Multiple strategies to dispose of thermally grown oxide films are already in use at the industrial scale. In the present study, a novel surface pretreatment using phosphoric acid has been extensively investigated, as previous results showed a significant increase in the steel-oxide scale adhesion. For this purpose, laboratory scale etching and hot stamping trials were carried out on multiple 22MnB5 steel strip samples under controlled conditions. As-received materials were extensively investigated by means of Scanning Electron Microscopy (SEM), Energy-Dispersive X-Ray Spectroscopy (EDS), Electron Backscatter Diffraction (EBSD) and Glow Discharge Optical Emission Spectroscopy (GDOES) to correlate the etching response to microstructural and compositional features.

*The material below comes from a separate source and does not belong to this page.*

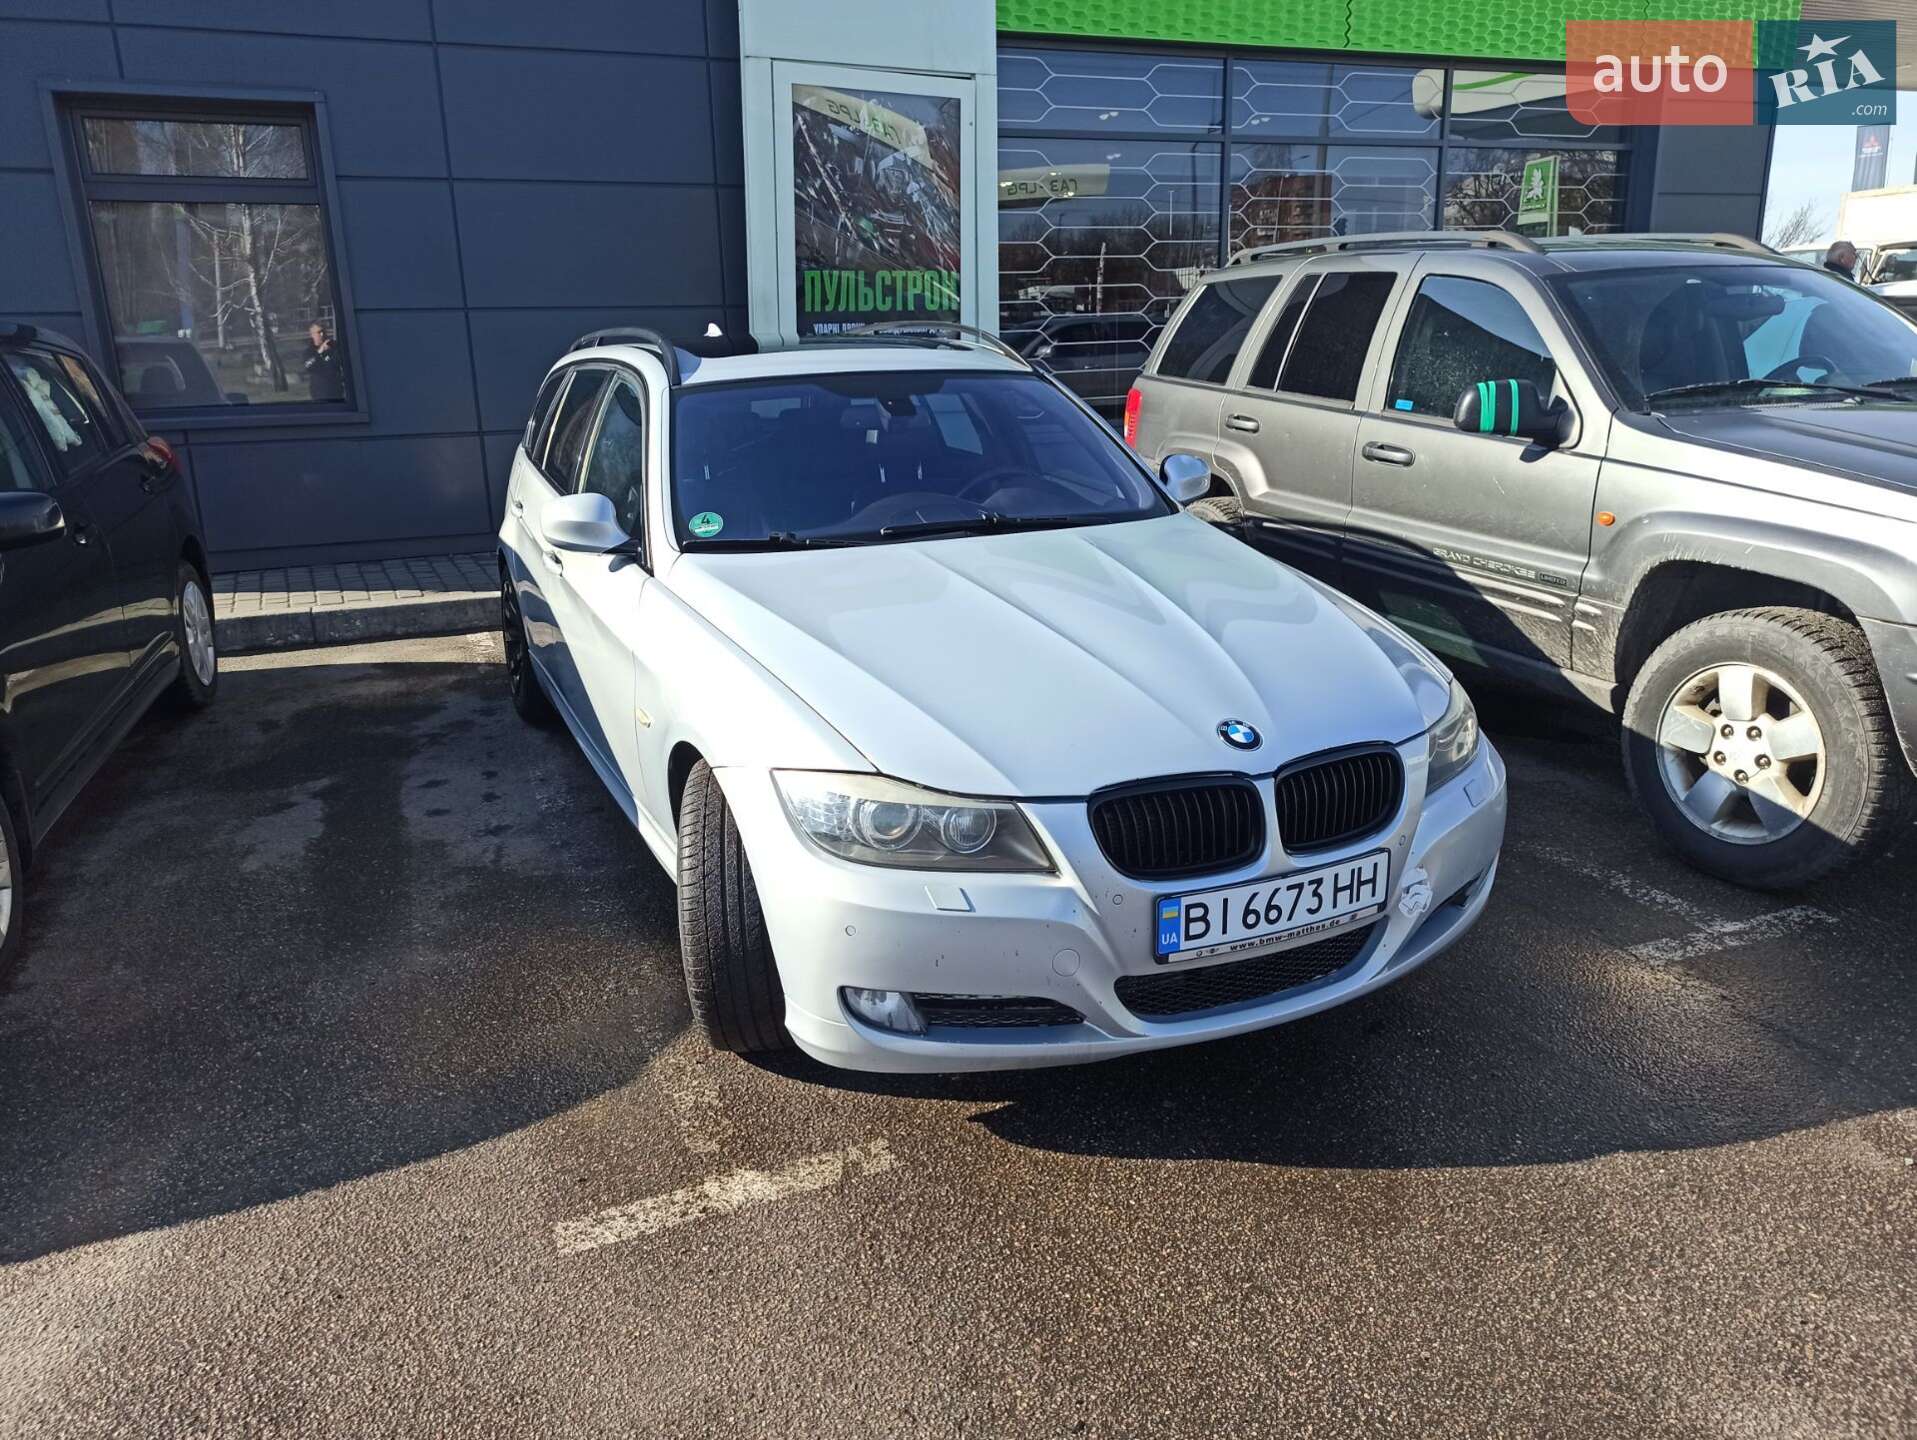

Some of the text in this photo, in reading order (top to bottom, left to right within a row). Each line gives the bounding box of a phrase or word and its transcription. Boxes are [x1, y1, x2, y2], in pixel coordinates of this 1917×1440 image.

The present study proved that roughening of rolled surfaces does not occur because of intergranular etching as previously thought. Although the actual mechanism could not be identified, sub-surface cracks propagating to as deep as 5.62±1.29μm were concluded to play a major role, as well as their opening by the action of the acid bath. The origin of these cracks remains uncertain and further investigations are therefore of interest. In some cases, improved adhesion was achieved on rather flat surfaces containing dispersed (Fe,Mn,Cr)₃C microparticles. A chemical effect is thus considered to exist between these precipitates and the oxide scale. Further investigations with this regard are also of interest, as a combination of mechanical and chemical anchoring might lead to a highly efficient and robust pretreatment.